Labour Market Institutions and the Effectiveness of Tax and Benefit Policies in Enchancing Employment: A General Equilibrium Analysis

Alho Kari O. E.

The paper aims to shed light on the relationships between labour market institutions with respect to wage formation and the effectiveness of economic and labour market policies in enhancing employment and overall economic performance. We evaluate tax and benefit policies under four alternative specifications of wage formation : fixed, market determined, and bargained wages. In the latter, we also distinguish between the short- and long-run effects, and between uncoordinated and coordinated (nation-wide) bargaining.

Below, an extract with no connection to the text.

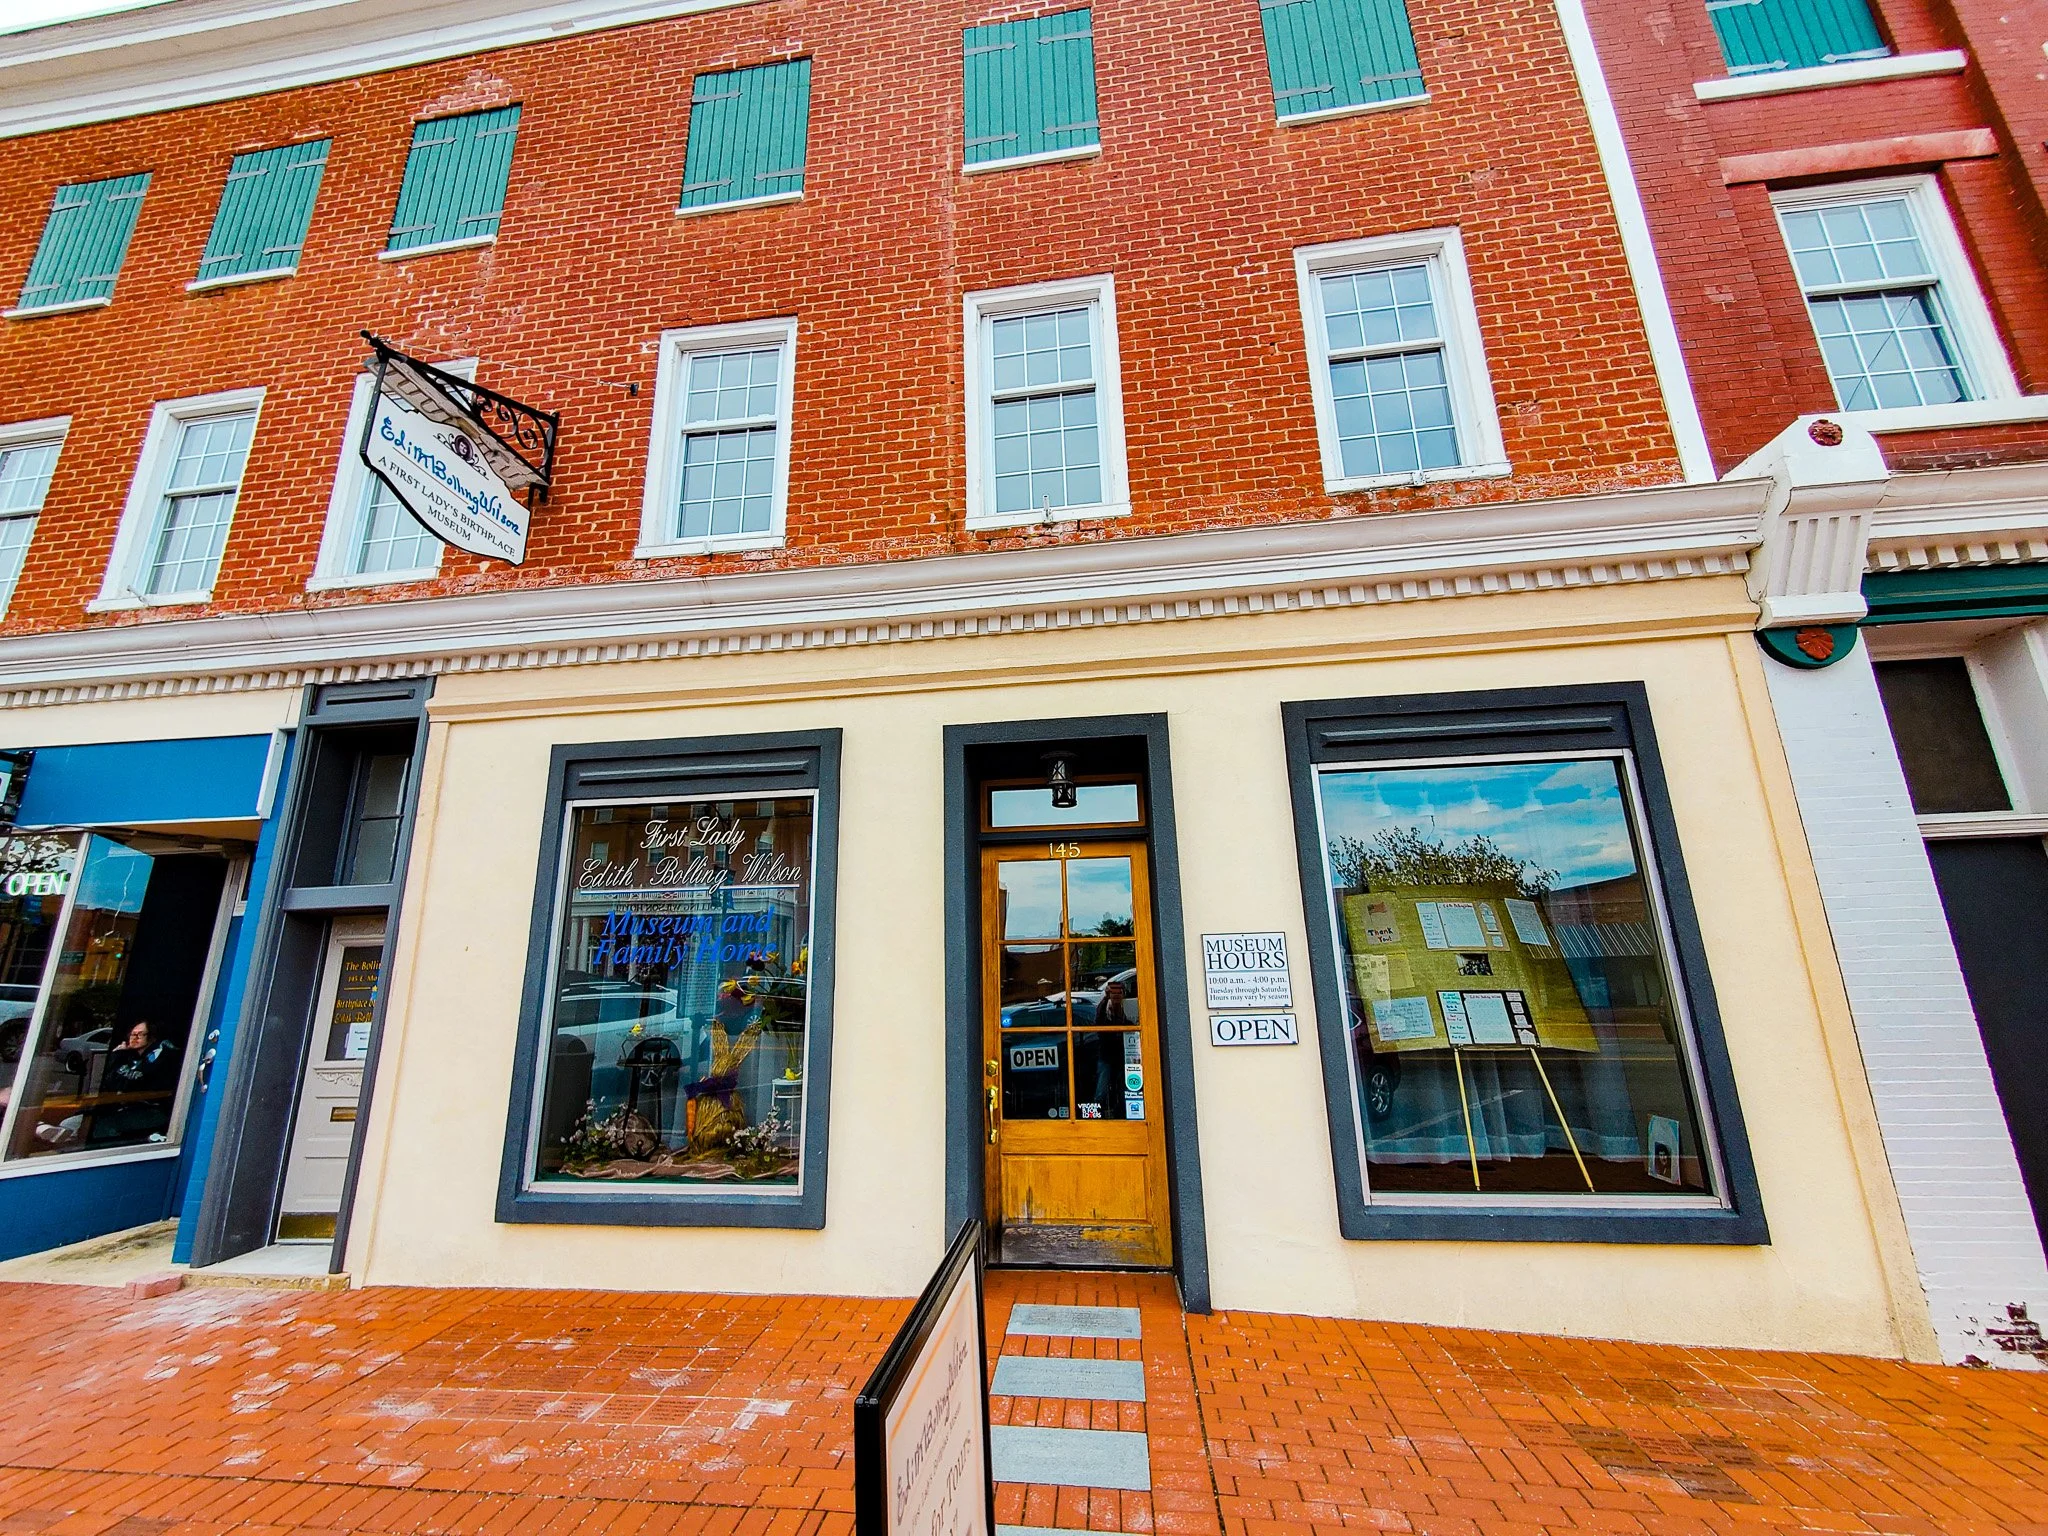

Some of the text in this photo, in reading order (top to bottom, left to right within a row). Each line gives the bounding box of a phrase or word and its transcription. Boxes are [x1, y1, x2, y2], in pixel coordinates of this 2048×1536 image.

To this end, we build a computable general equilibrium model which is calibrated using data on the Finnish economy and labour market, distinguishing workers of three skill categories by the level of their education. Evaluating policies under various possible labour market institutions, the paper also seeks relevance in a wider EU perspective. Overall, the model simulations show that labour market institutions with respect to wage formation influence to a large extent the effectiveness of many policies aiming at enhancing employment.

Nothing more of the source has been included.